Теперь знаешь ты, кто я на самом деле - лицемерный убийца, который молча, зачастую в очередной агонии Crucio пропускал счастливый финал тех, для кого это всё готовилось и не без моего участия, заметь. Их, в конечном итоге, абсолютное освобождение от всех мучителей и притеснителей на свете. Их мучительную, но кратковременную гибель, смерть на потеху толпе Пожирателей, кои радость черпали из каждого такого или ещё более ужаснейшего умирания. А я служил ему и служил на славу. Хоть он и наказывал меня, как не до конца исполнявшего его прихоти, этого чудовища.
Вот я - весь пред тобою, как говорил ты мне когда-то давно, в прошлой, счастливой жизни, мне, обуреваемому лишь похотью, проснувшейся так поздно, а до этого преспокойно спавшей и не волновавшей меня. Я даже практически был уверен, что умру девственником, настолько не любили меня все вокруг за убийства детей невинных и их родителей, взятых для «циркуса» токмо. Более же ни для чего. Лишь для развлечения жестокого.
- Северус, чародей мой невинный ни в чём, да, я принимаю тебя таким, каким ты предстал предо мною, без прикрас. Я люблю тебя, Северус Ориус Снейп, граф и чистокровный волшебник, добрый к одним и поневоле жестокий к другим. Ибо неволили тебя к жестокости, сам же ты жестокости к своим невинным жертвам не питал. Отнюдь.

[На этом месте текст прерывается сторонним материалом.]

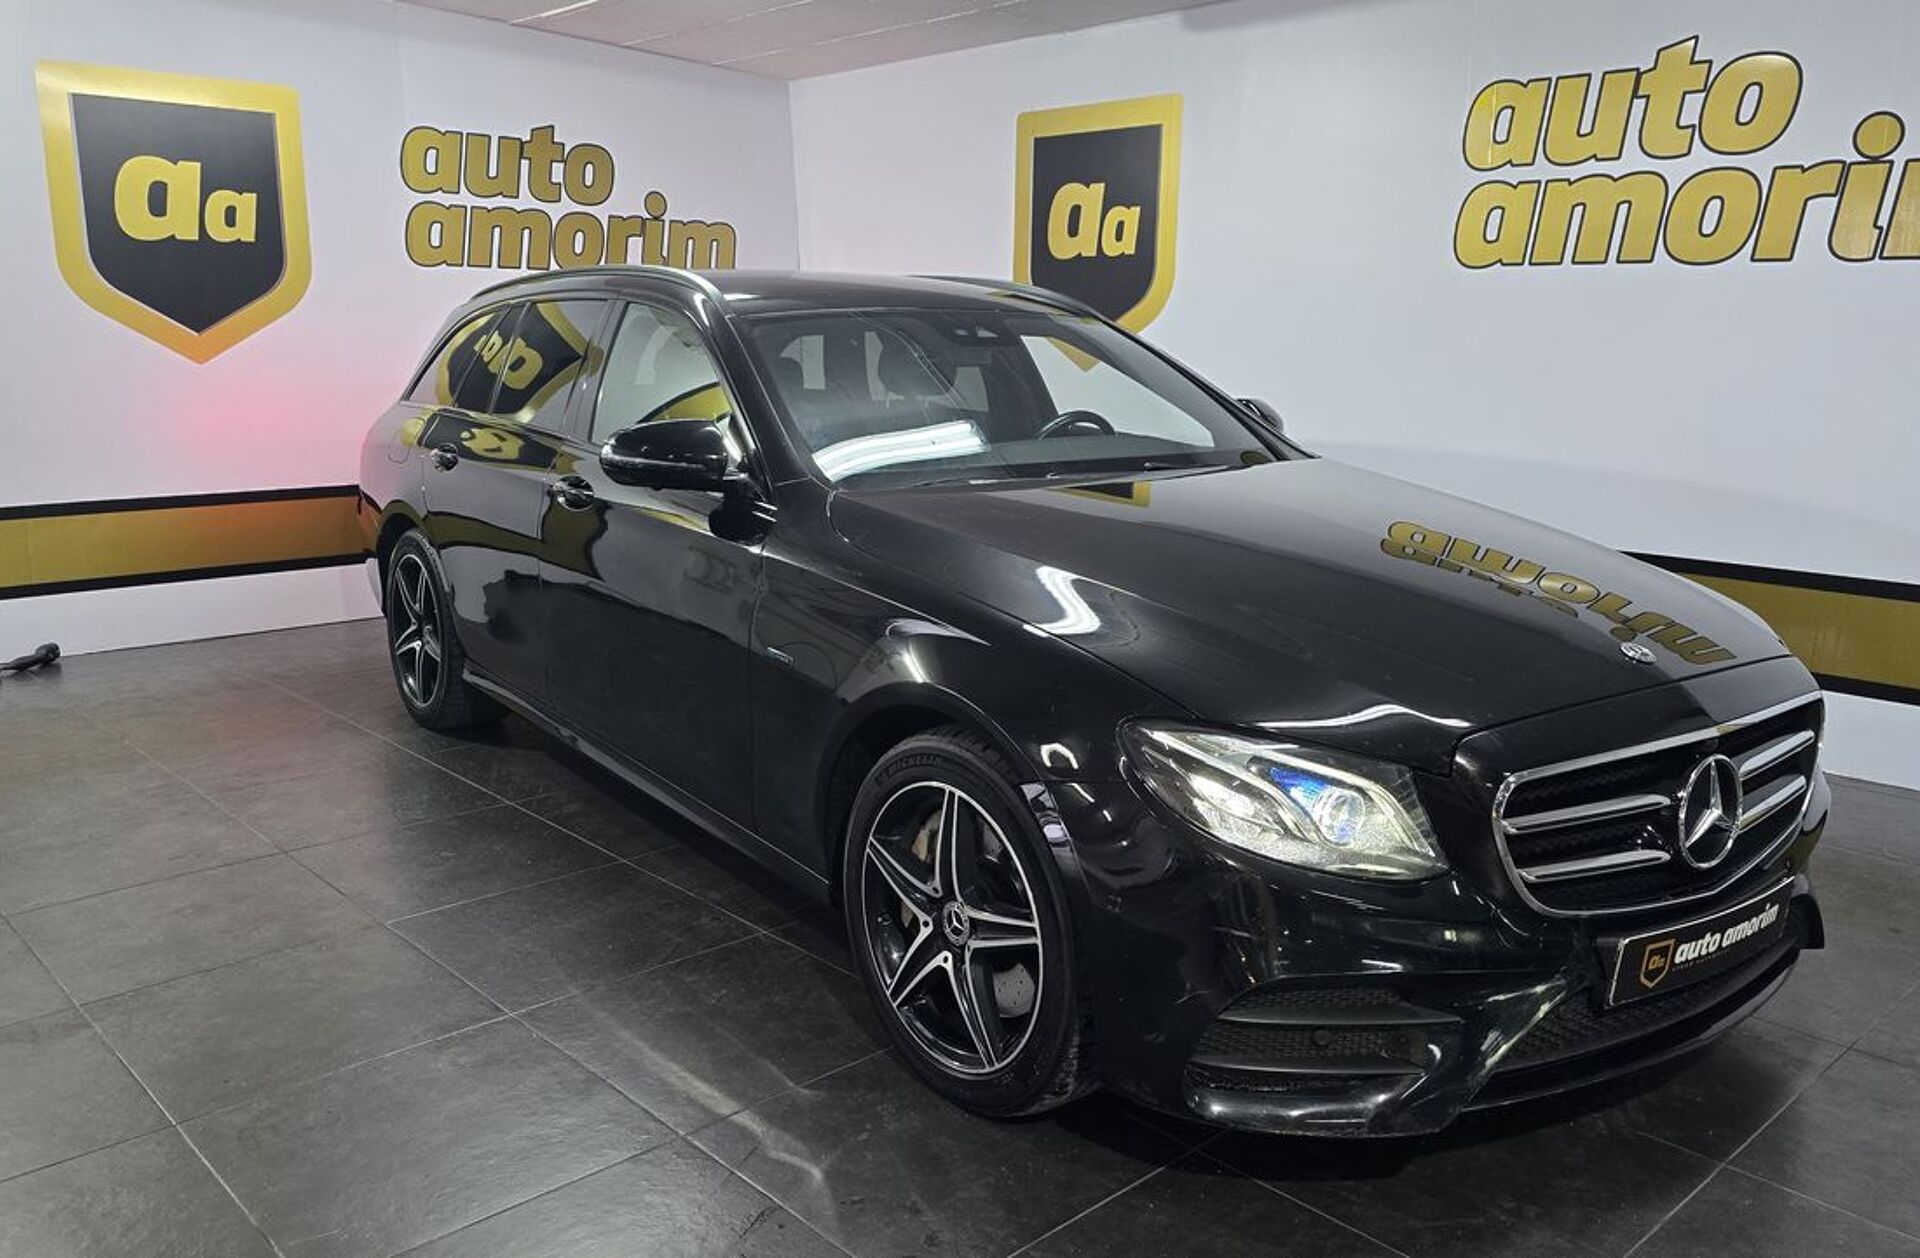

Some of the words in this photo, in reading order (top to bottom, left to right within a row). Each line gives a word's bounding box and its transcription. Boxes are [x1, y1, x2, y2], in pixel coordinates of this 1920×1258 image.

[1462, 35, 1803, 171] auto
[114, 155, 258, 244] aa
[400, 124, 615, 206] auto
[405, 192, 737, 271] amorim
[1047, 182, 1141, 260] aa
[1674, 931, 1721, 964] auto
[1721, 903, 1779, 948] amorim
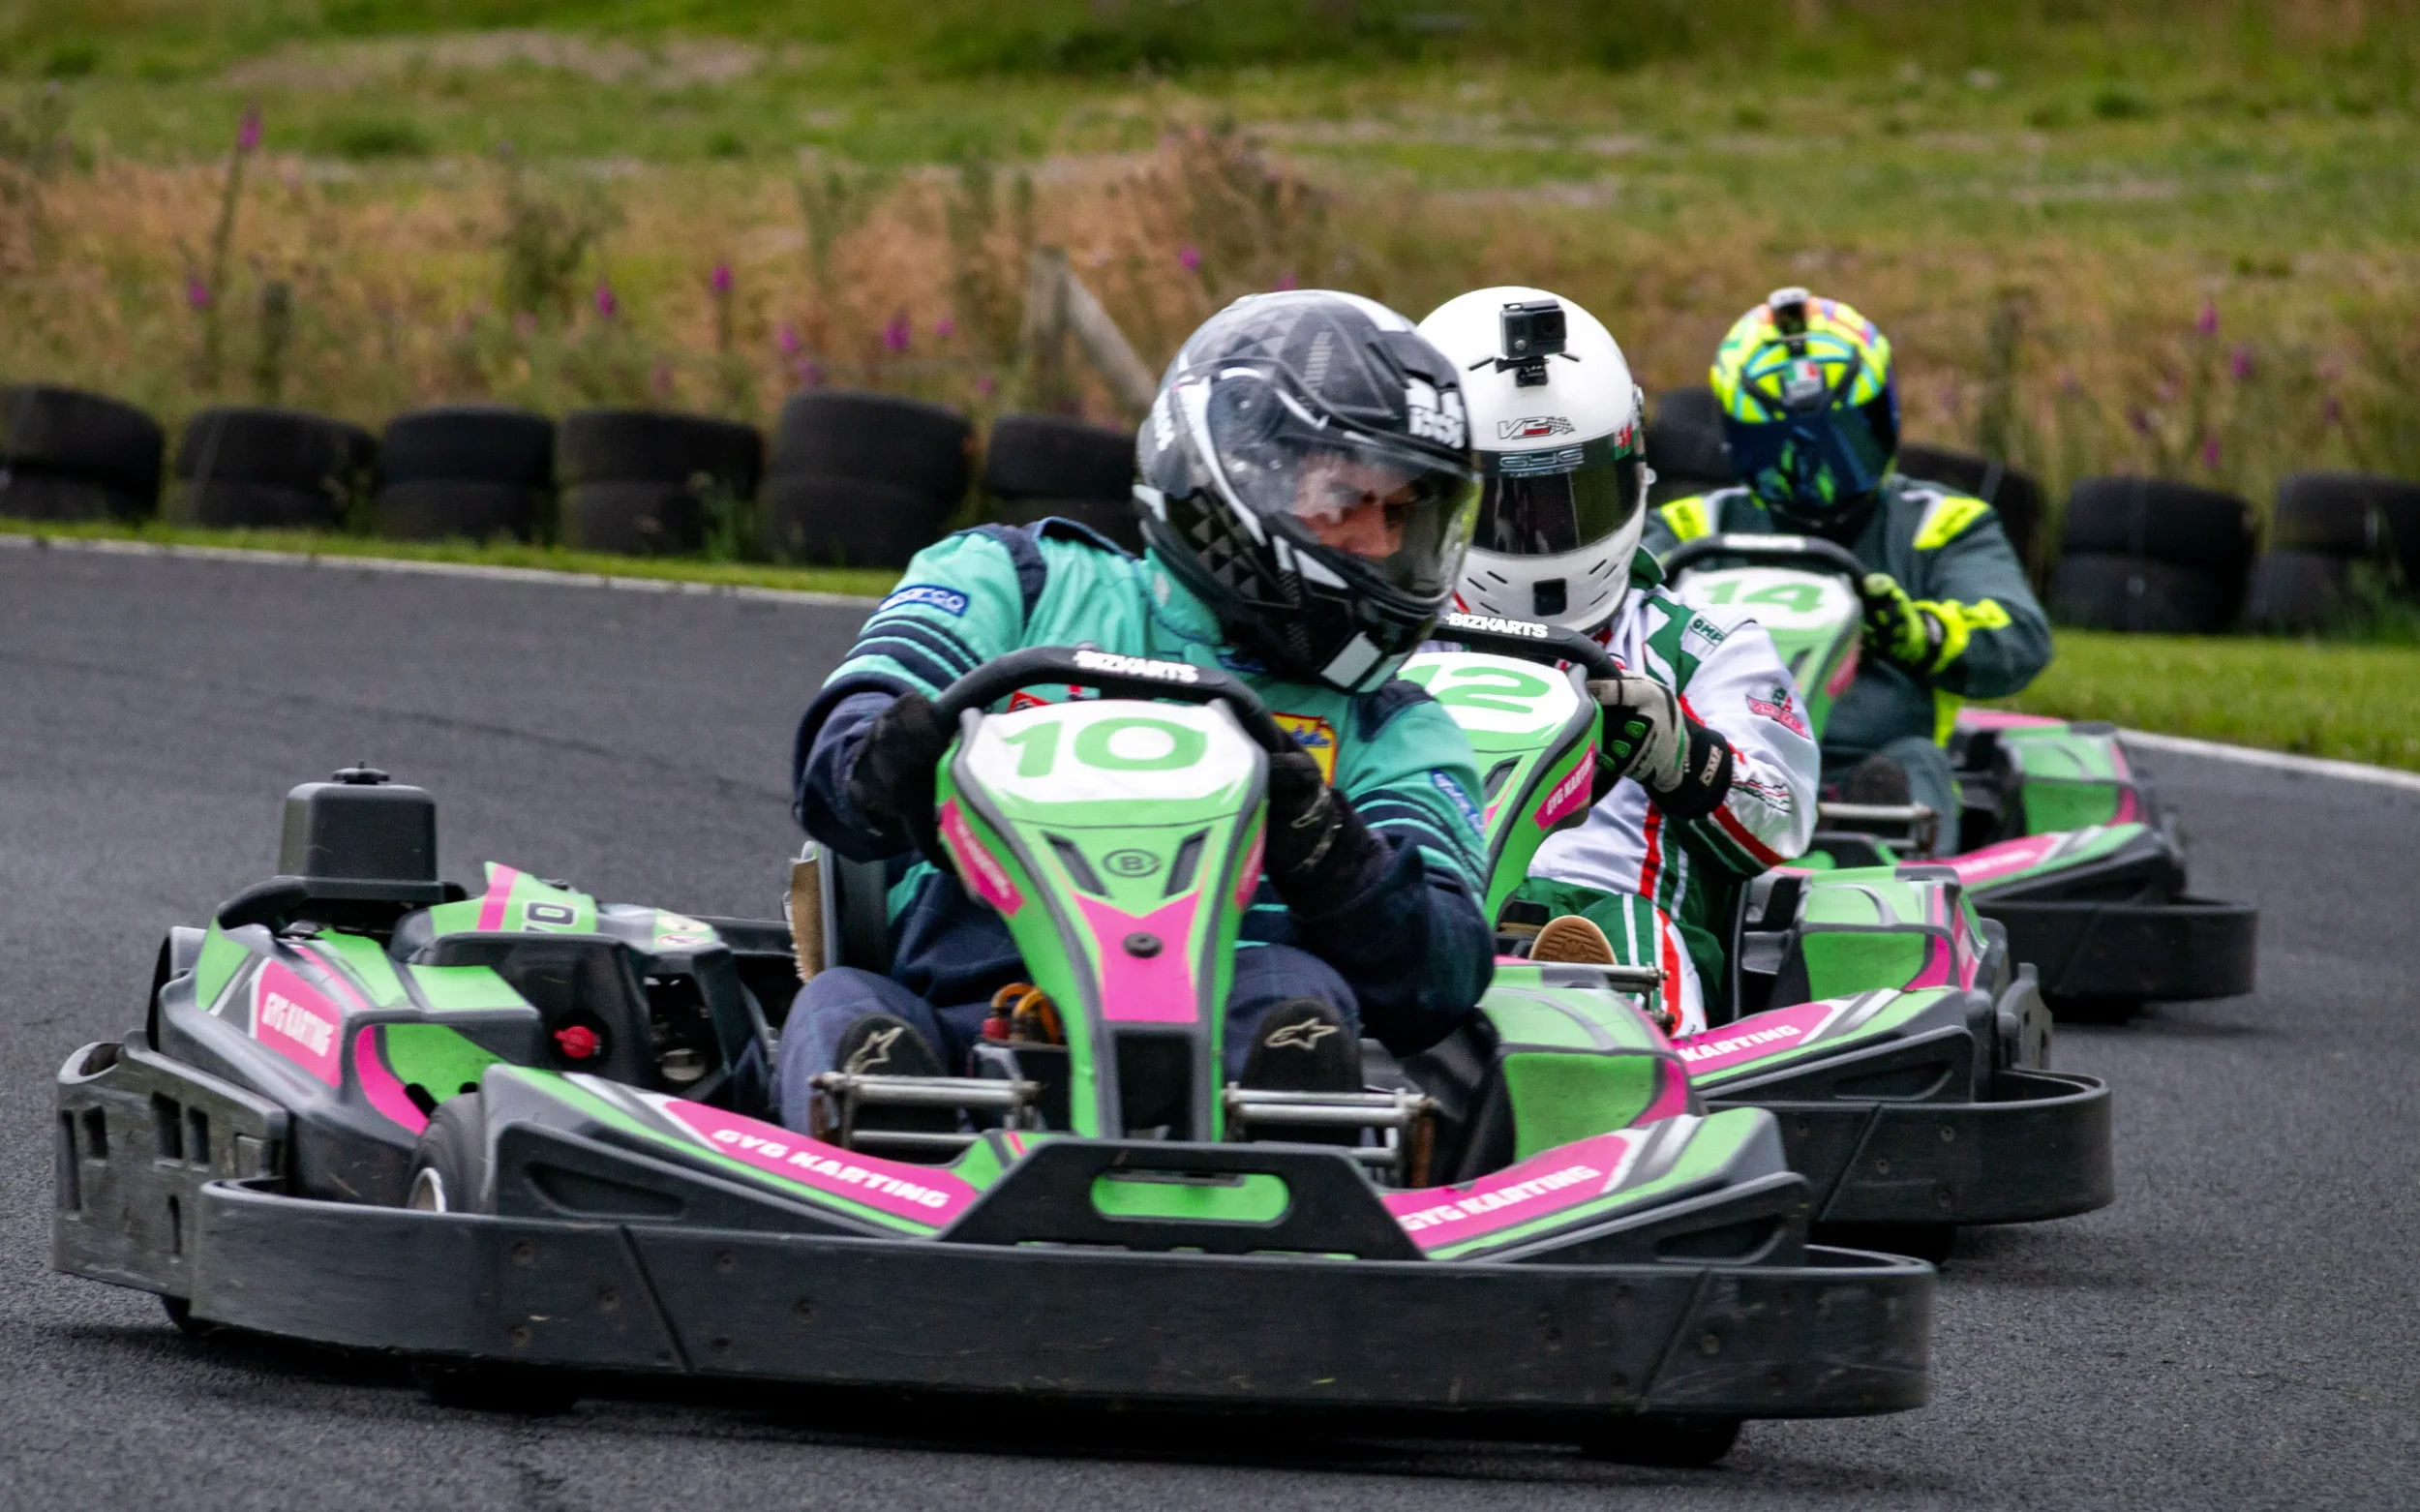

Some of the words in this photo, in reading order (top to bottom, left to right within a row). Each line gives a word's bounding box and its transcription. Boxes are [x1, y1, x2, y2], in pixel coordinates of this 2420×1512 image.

[1703, 580, 1825, 613] 14
[1448, 612, 1549, 638] BIZKARTS
[1692, 618, 1724, 642] OMP
[1004, 716, 1208, 778] 10
[1677, 1025, 1801, 1062] KARTING
[711, 1129, 790, 1159] GYG
[787, 1151, 952, 1209] KARTING
[1455, 1164, 1603, 1215] KARTING
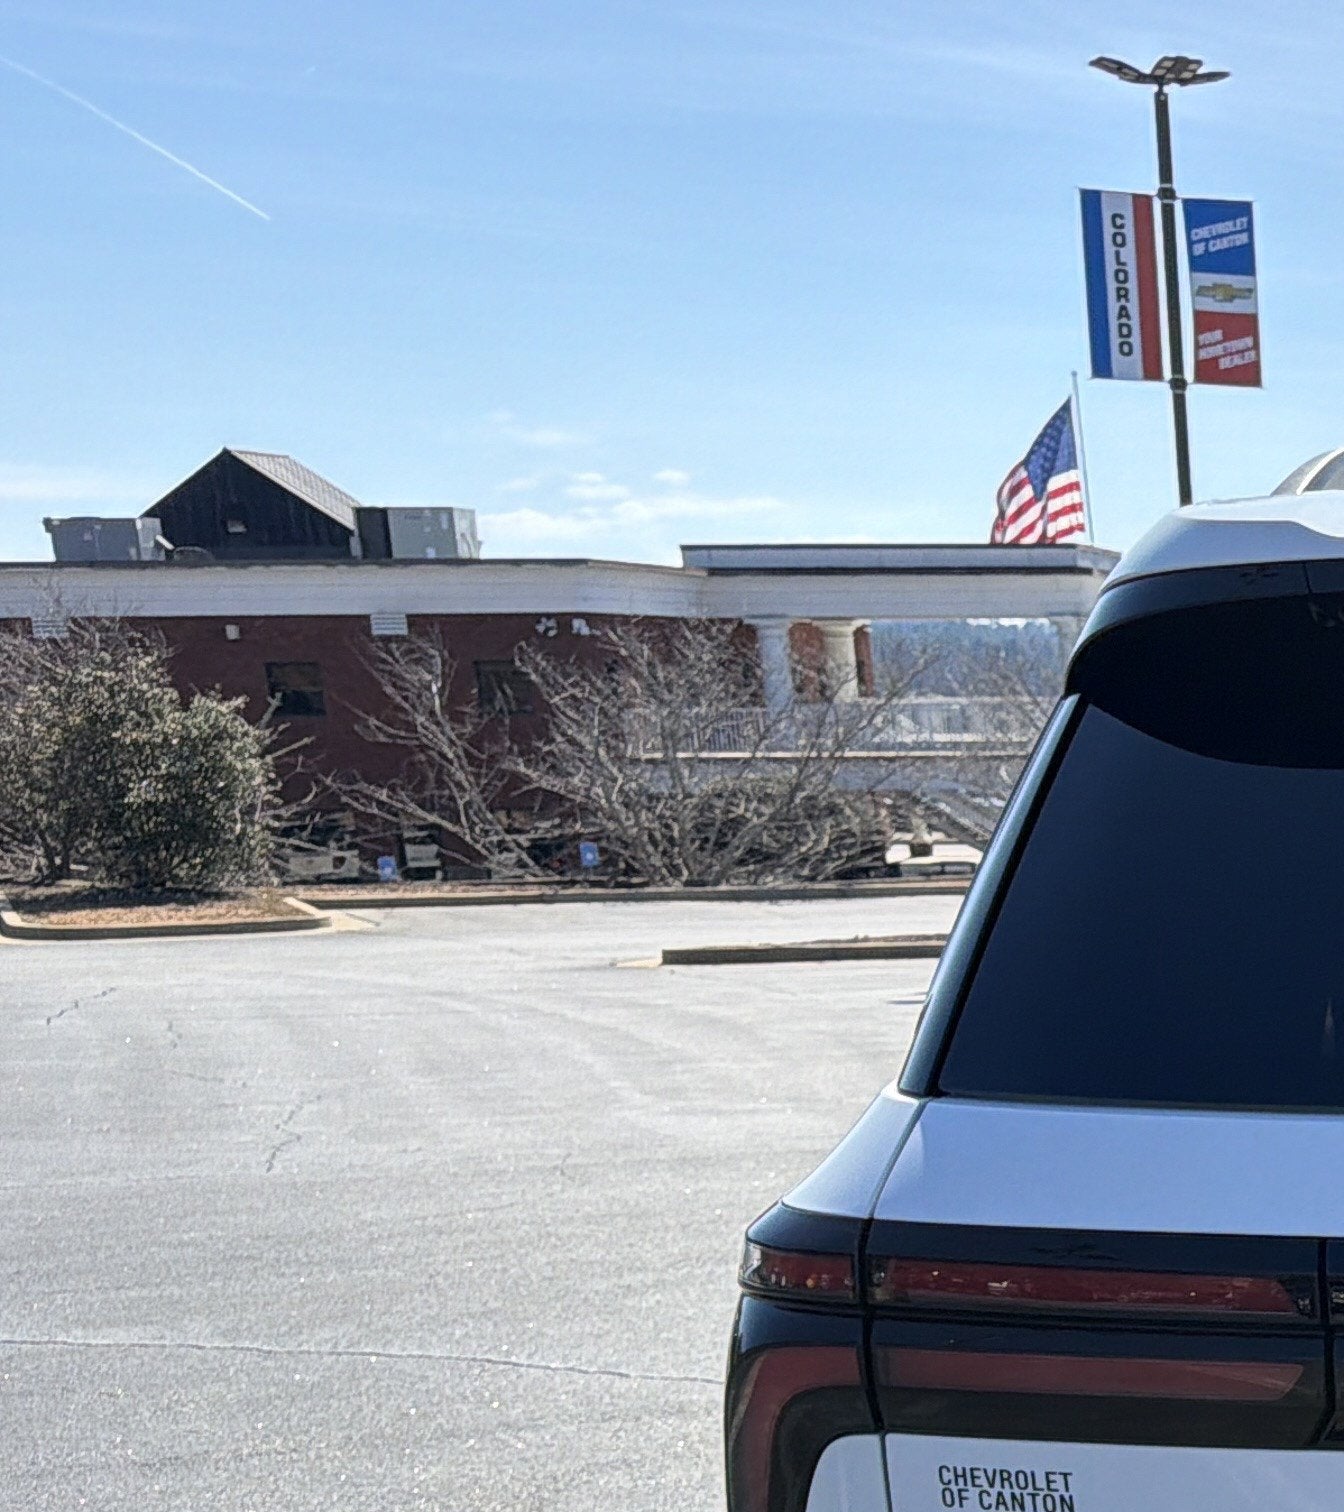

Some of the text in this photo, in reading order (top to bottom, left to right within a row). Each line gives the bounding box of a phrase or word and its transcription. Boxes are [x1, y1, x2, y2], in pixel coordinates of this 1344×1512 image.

Был ты преисполнен жалости великой к ним и старался всеми силами скорее закончить страдания их.
Если бы сказал ты даже, что получал не Распятие от своего Повелителя, а награду и радовался вместе с остальными Пожирателями, а не страдал за тех, кого убивали твоими ядами, всё равно принял бы я тебя и любил столь же сильно и страстно, как невиновного ни в каких злодеяниях.
Вот, послушай мои скромные словеса, пришедшие мне на ум внезапно, словно бы озарение некое, о нас с тобою, столь много любивших, и я уверен, ещё будучих любить друг друга:
Если бы были мы деревьями, сплели бы мы ветви и корни наши и стволами переплелись.
Если бы были мы птицами, летали бы мы рядом, купаясь в безграничной реке океана золотого Солнца.
Но мы - всего лишь люди, до беспамятства, до боли злой, до радости, кою делим в Эмпиреях, любящие друг друга.
Конечно, скажешь ты - знаток поэзии всех веков, это - бред полный, безразмерный и бессмысленный к тому же.
Да, я хотел бы писать соразмерно, как великие прошлых, не столь уж давних веков, но не умею. Не учили меня стихосложению, как вещи, совершенно ненадобной для Господина дома. Посчитал отец наш, что и без рифмоплётства стану я хозяином рачительным, грамоту и письмо зная, изучил же я их, как знаешь ты, самостоятельно. К большему же не поощрял высокорожденный отец меня.
- Ты…
К горлу Северуса подступили обычные спазмы, возникающие всегда, когда он думал о… них, своих жертвах, в трезвом виде, и он не смог продолжить… Он слышал голос Квотриуса так глухо и отдалённо, словно голова его была в войлочном подшлемнике, да ещё закутана в одеяло, настоящее, пуховое, мягкое, как в Гоустле. Но это, конечно, и есть настоящий бред, никакого подшлемника нет, а об одеяле в эту холодную ночь можно только мечтать… бесплодно, а он всё ещё старательно вслушивался в многомудрые слова возлюбленного, но чувствовал, что сон смаривает его от переживаний многих дней и ночей. И от внезапного откровенного рассказа о своих злых деяниях.
- Ты… так сказал о деревах бездушных, и о птицах глупых, безмозглых, и, наконец, о том, что человеки мы с тобою, что и подумать я не мог, ибо можешь ты сказать обо всём на свете поэтически талантливо.
Я же даром сим обделён.
Глава 21.
… - Поплачь, Северус, северный ветер мой, свет моего бытия, живоносносный источник, оплот надежд моих, разрыдайся в полный голос - здесь, в шатре, наш дом пока. И ты - Господин этого дома, а потому волен то говорить о радующем душу и смех вызывающем, то печаловаться, браня богиню Фортуну, но ведь всем известно, даже рабам, что богиня сия не отличается постоянством целей и намерений своих, а играет с людьми в игры свои жестокие, могущие и смертию обернуться.
Но ведь есть ещё Фатум, богиня приговора судьбы, и ей далеко не всё равно, что стараются вытворять мелкие людишки в надежде избежать решения её, приговора нерушимого, порою жесточайшего.
Я принимаю и изменчивую, легконогую Фортуну, и страшную в своём упорном, не сворачиваемом с пути её, в постоянстве извечном, Фатум.